··· Data for this task

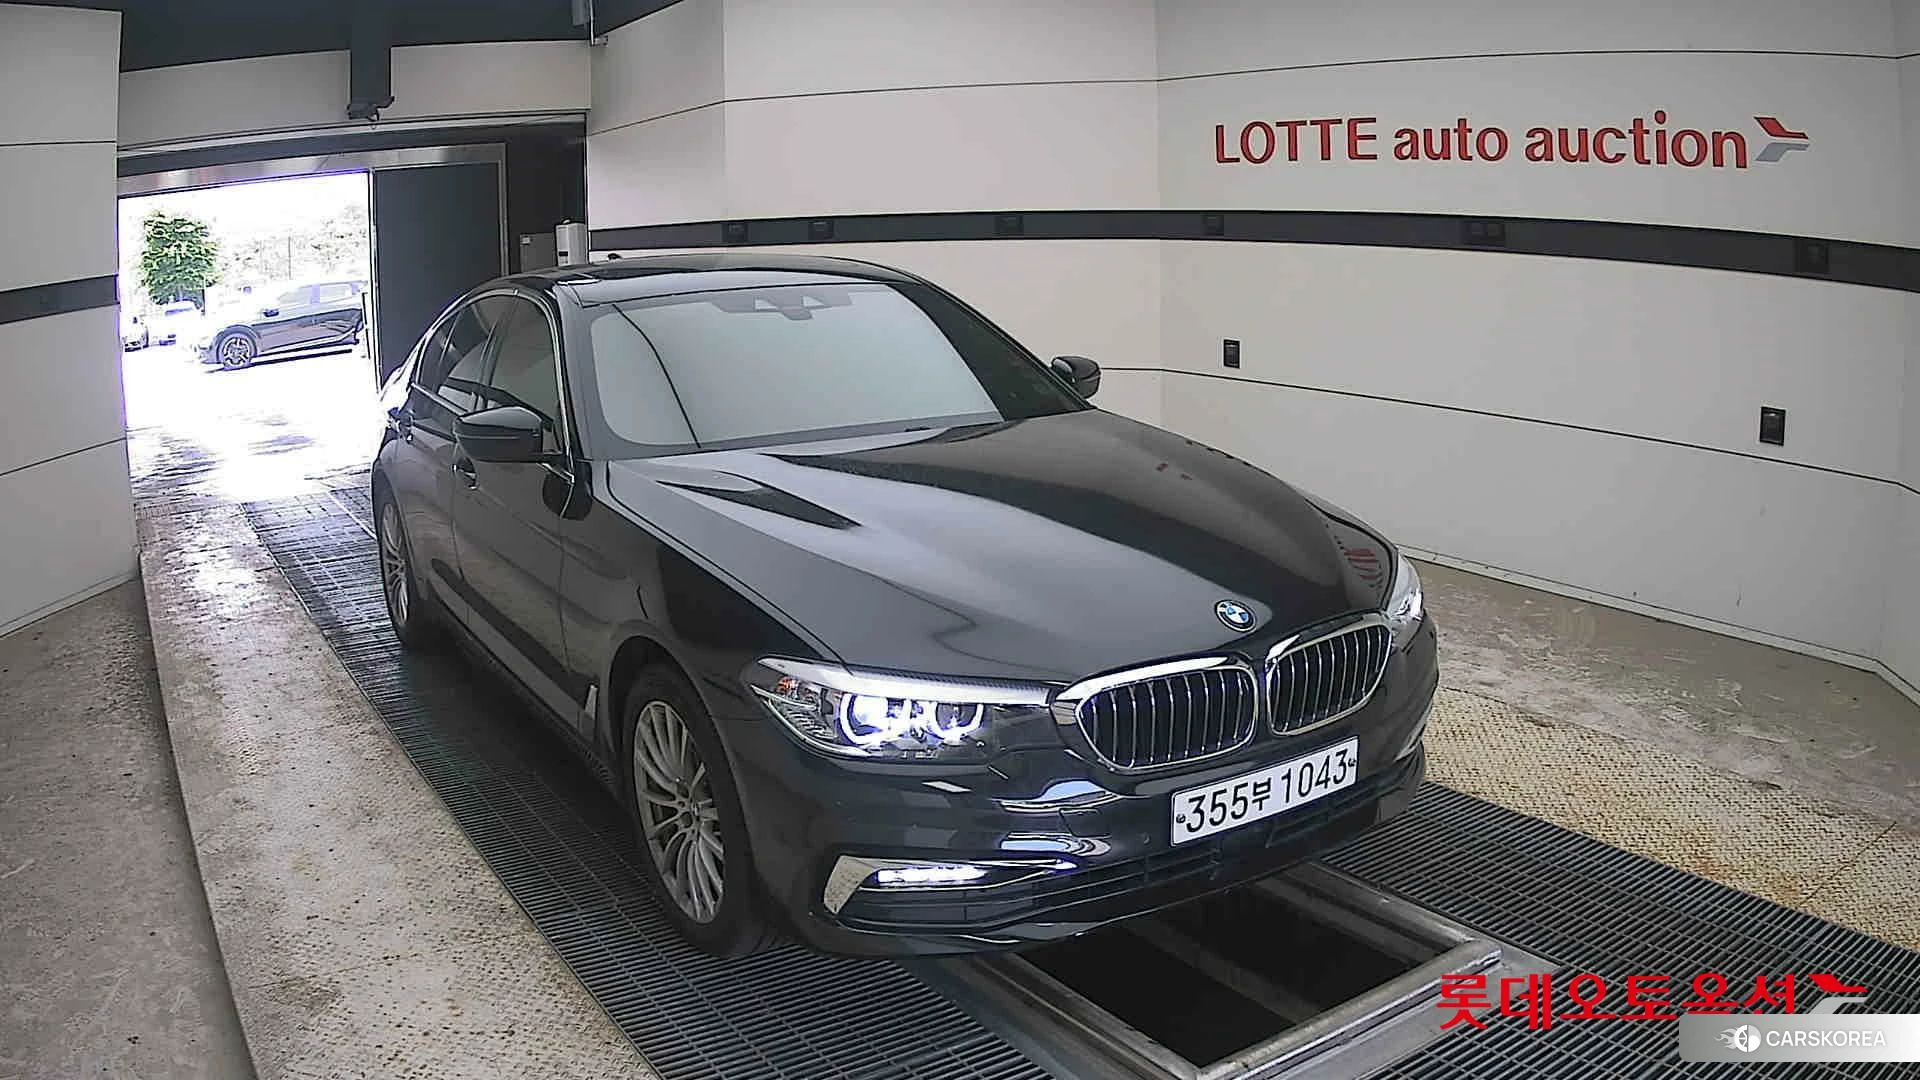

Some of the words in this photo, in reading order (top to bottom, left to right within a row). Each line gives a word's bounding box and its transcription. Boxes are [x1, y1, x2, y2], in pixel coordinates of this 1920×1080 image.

[1214, 116, 1379, 164] LOTTE
[1392, 117, 1509, 162] auto
[1524, 110, 1749, 169] auction
[1186, 777, 1271, 833] 355부
[1281, 748, 1349, 803] 1043
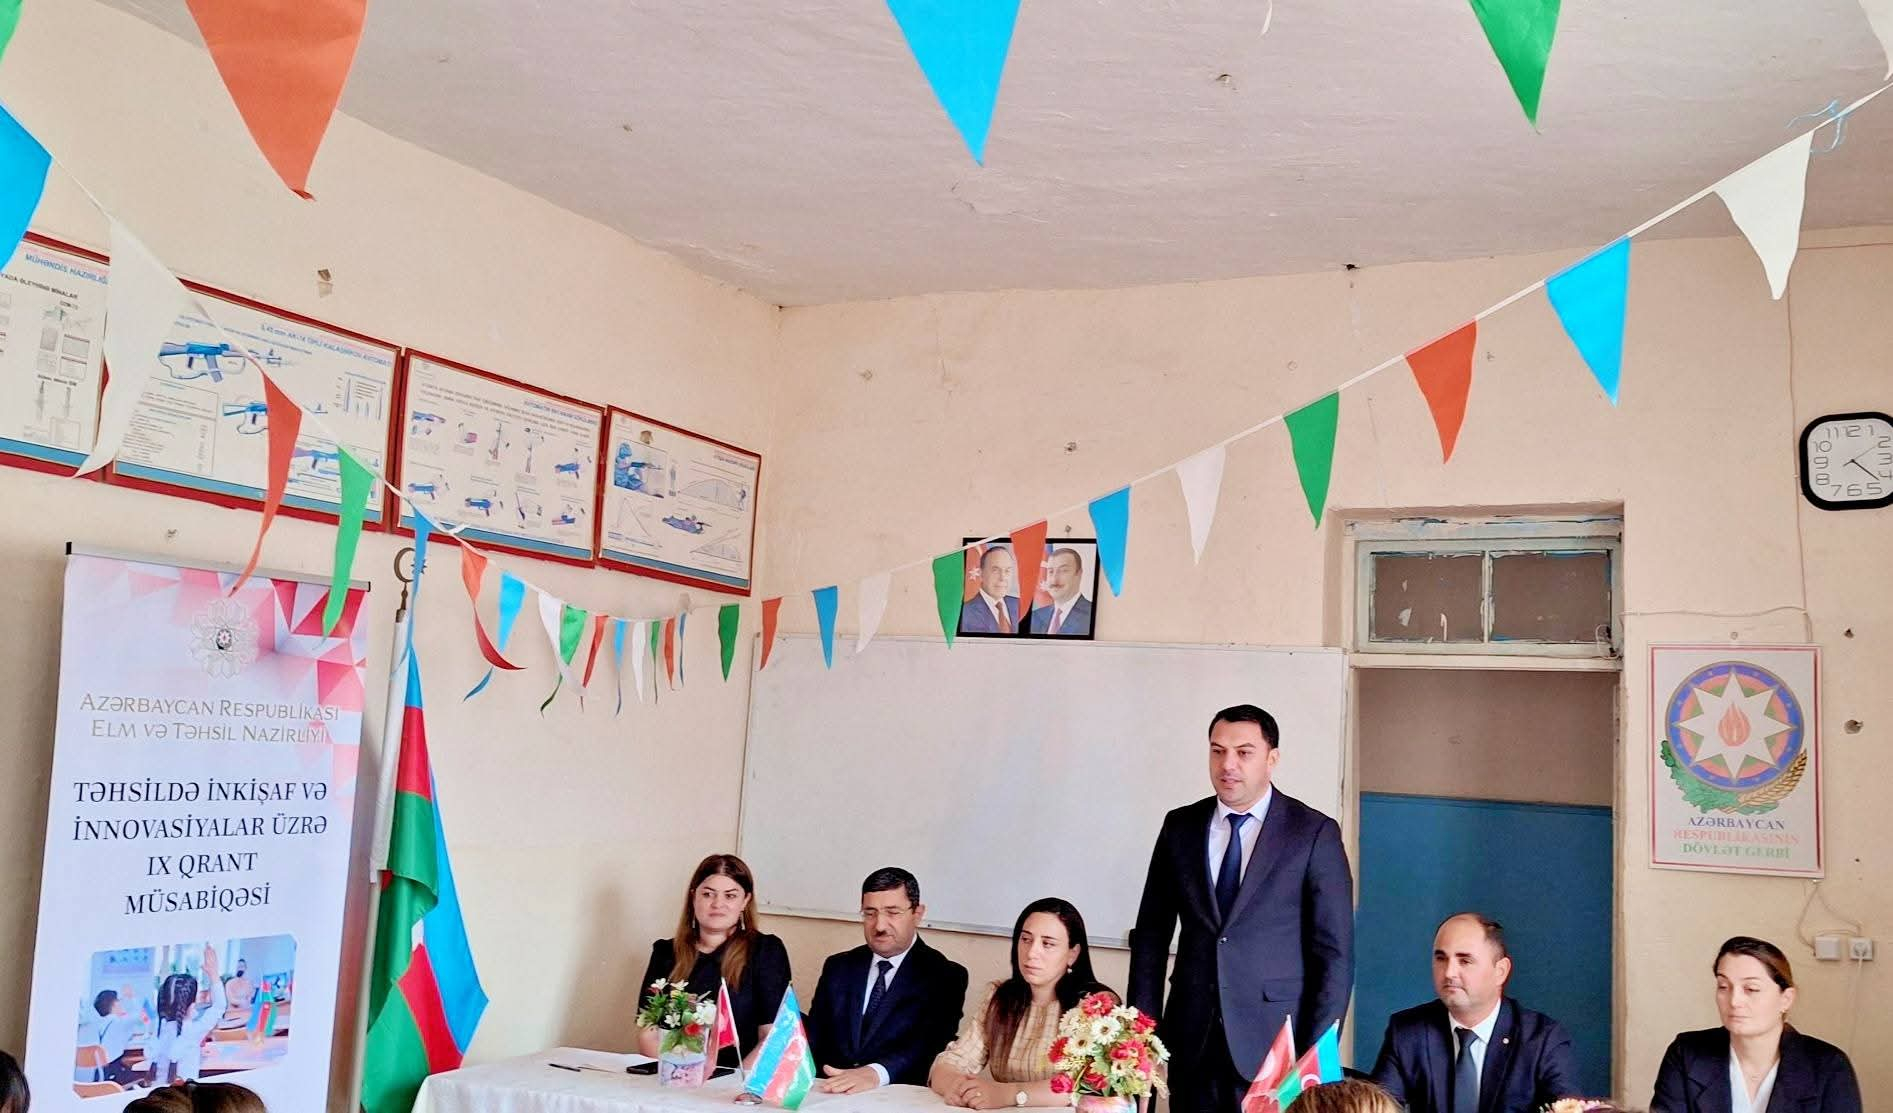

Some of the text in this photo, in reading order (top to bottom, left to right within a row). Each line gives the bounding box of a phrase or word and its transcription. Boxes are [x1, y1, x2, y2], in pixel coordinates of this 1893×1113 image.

[1825, 426, 1839, 439] 11
[1842, 424, 1862, 438] 12
[1813, 440, 1832, 453] 10
[1877, 435, 1892, 449] 2
[1813, 456, 1829, 469] 9
[1877, 452, 1893, 466] 3
[1815, 472, 1830, 486] 8
[1830, 484, 1842, 497] 7
[1846, 483, 1863, 497] 6
[1866, 481, 1883, 495] 5
[73, 777, 327, 806] TƏHSİLDƏ İNKİŞAF VƏ
[73, 812, 328, 841] İNNOVASİYALAR ÜZRƏ
[1688, 816, 1785, 830] AZƏRBAYCAN
[146, 852, 258, 879] IX QRANT
[124, 882, 271, 915] MÜSABİQƏSİ
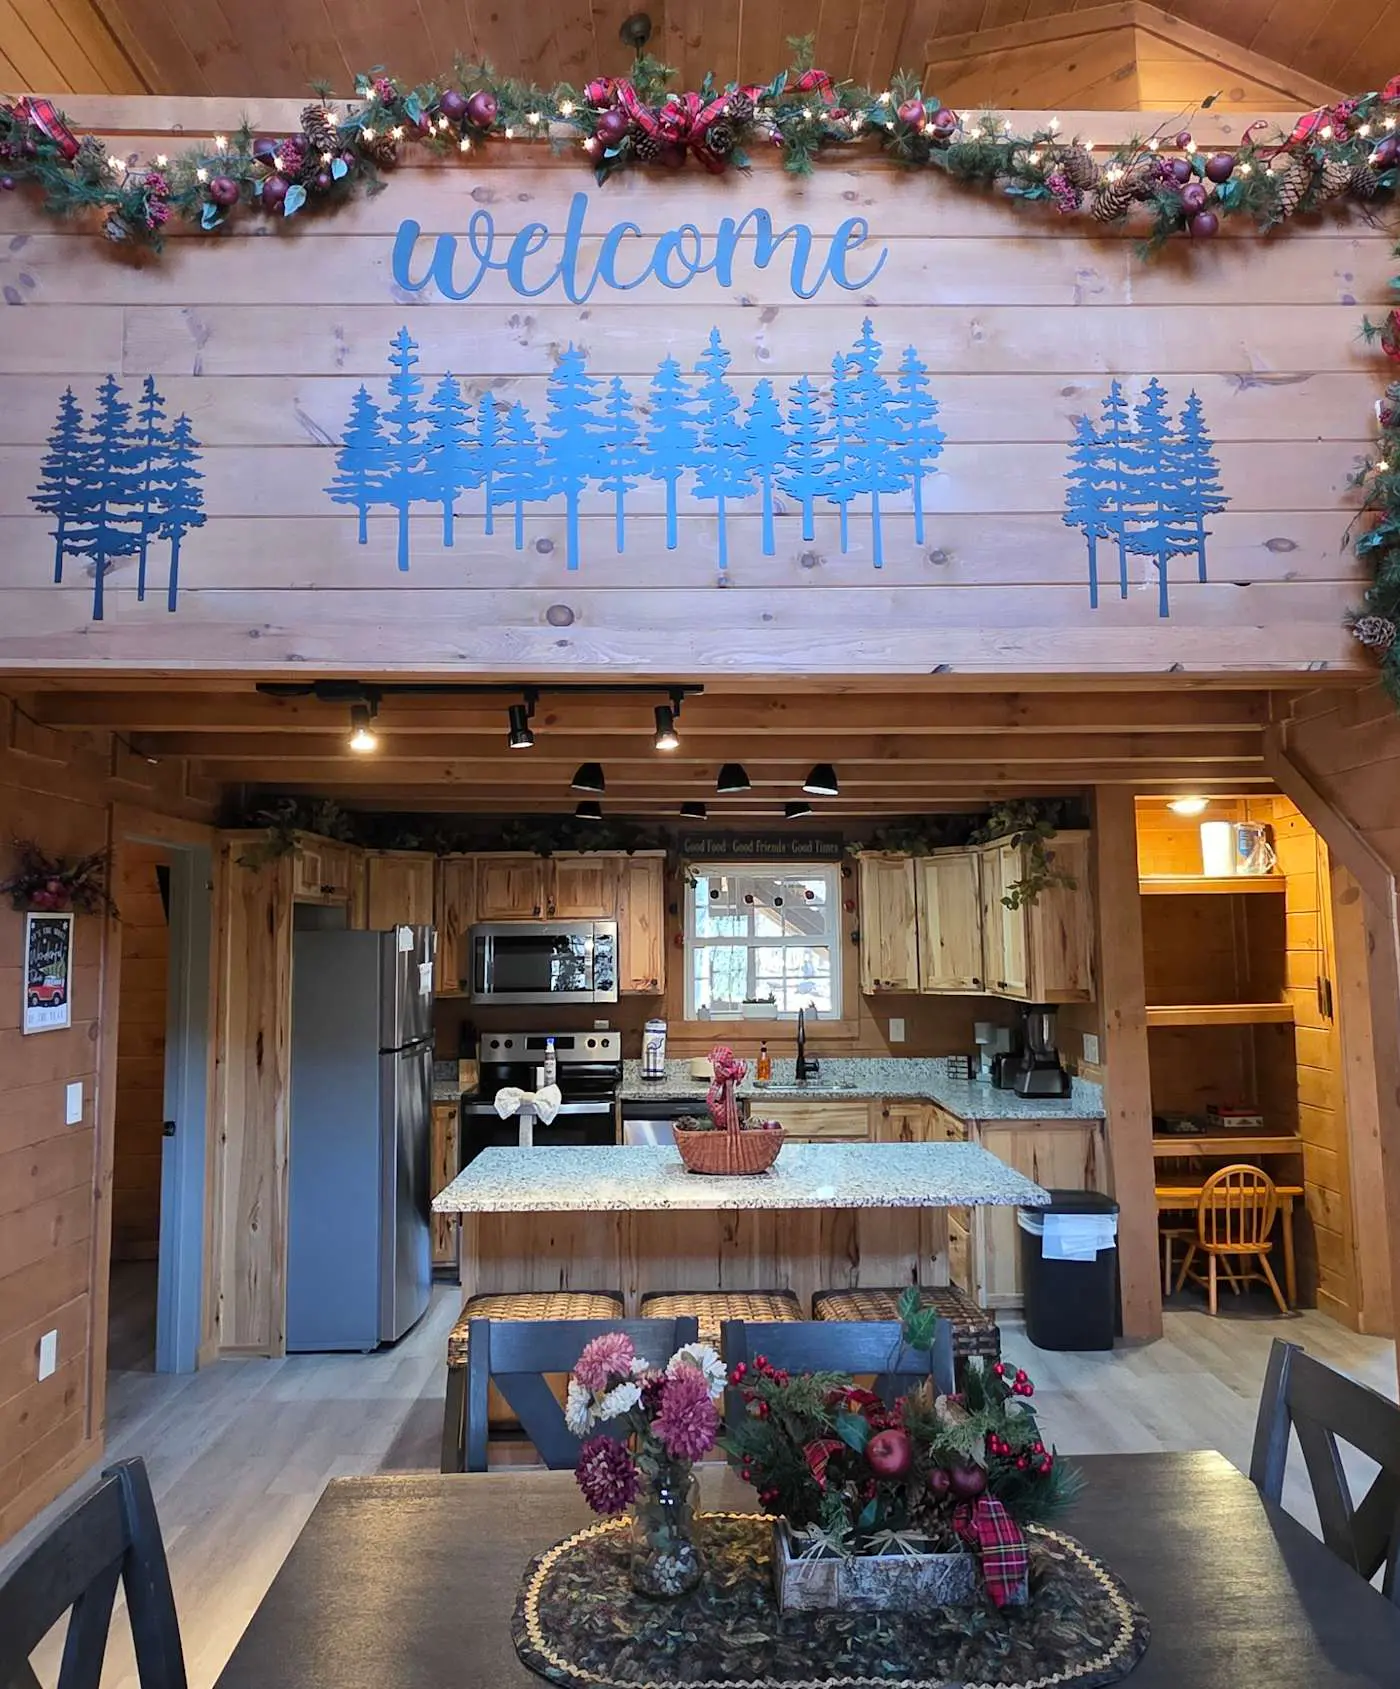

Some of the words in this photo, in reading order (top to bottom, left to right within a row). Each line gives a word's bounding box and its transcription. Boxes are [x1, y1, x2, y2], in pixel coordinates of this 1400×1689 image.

[392, 192, 888, 304] welcome
[684, 838, 705, 853] Good
[732, 838, 754, 853] Good
[791, 838, 813, 853] Good

······

Activity –
Give back the full data exactly as it reads, but drop the pictures.

Result of this task –
Some of the words in this photo, in reading order (top to bottom, left to right within a row). Each line gives a word's bounding box and its transcription. Boxes are [x1, y1, x2, y2], in pixel coordinates of this 1920×1080 image.

[1214, 116, 1379, 164] LOTTE
[1392, 117, 1509, 162] auto
[1524, 110, 1749, 169] auction
[1186, 777, 1271, 833] 355부
[1281, 748, 1349, 803] 1043

Some of the text in this photo, in reading order (top to bottom, left to right within a row). Each line gives the bounding box of a phrase or word and its transcription. Boxes are [x1, y1, x2, y2], in pixel coordinates of this 1893×1113 image.

[1825, 426, 1839, 439] 11
[1842, 424, 1862, 438] 12
[1813, 440, 1832, 453] 10
[1877, 435, 1892, 449] 2
[1813, 456, 1829, 469] 9
[1877, 452, 1893, 466] 3
[1815, 472, 1830, 486] 8
[1830, 484, 1842, 497] 7
[1846, 483, 1863, 497] 6
[1866, 481, 1883, 495] 5
[73, 777, 327, 806] TƏHSİLDƏ İNKİŞAF VƏ
[73, 812, 328, 841] İNNOVASİYALAR ÜZRƏ
[1688, 816, 1785, 830] AZƏRBAYCAN
[146, 852, 258, 879] IX QRANT
[124, 882, 271, 915] MÜSABİQƏSİ

Some of the words in this photo, in reading order (top to bottom, left to right within a row). Each line gives a word's bounding box and its transcription. Boxes are [x1, y1, x2, y2], in pixel coordinates of this 1400×1689 image.

[392, 192, 888, 304] welcome
[684, 838, 705, 853] Good
[732, 838, 754, 853] Good
[791, 838, 813, 853] Good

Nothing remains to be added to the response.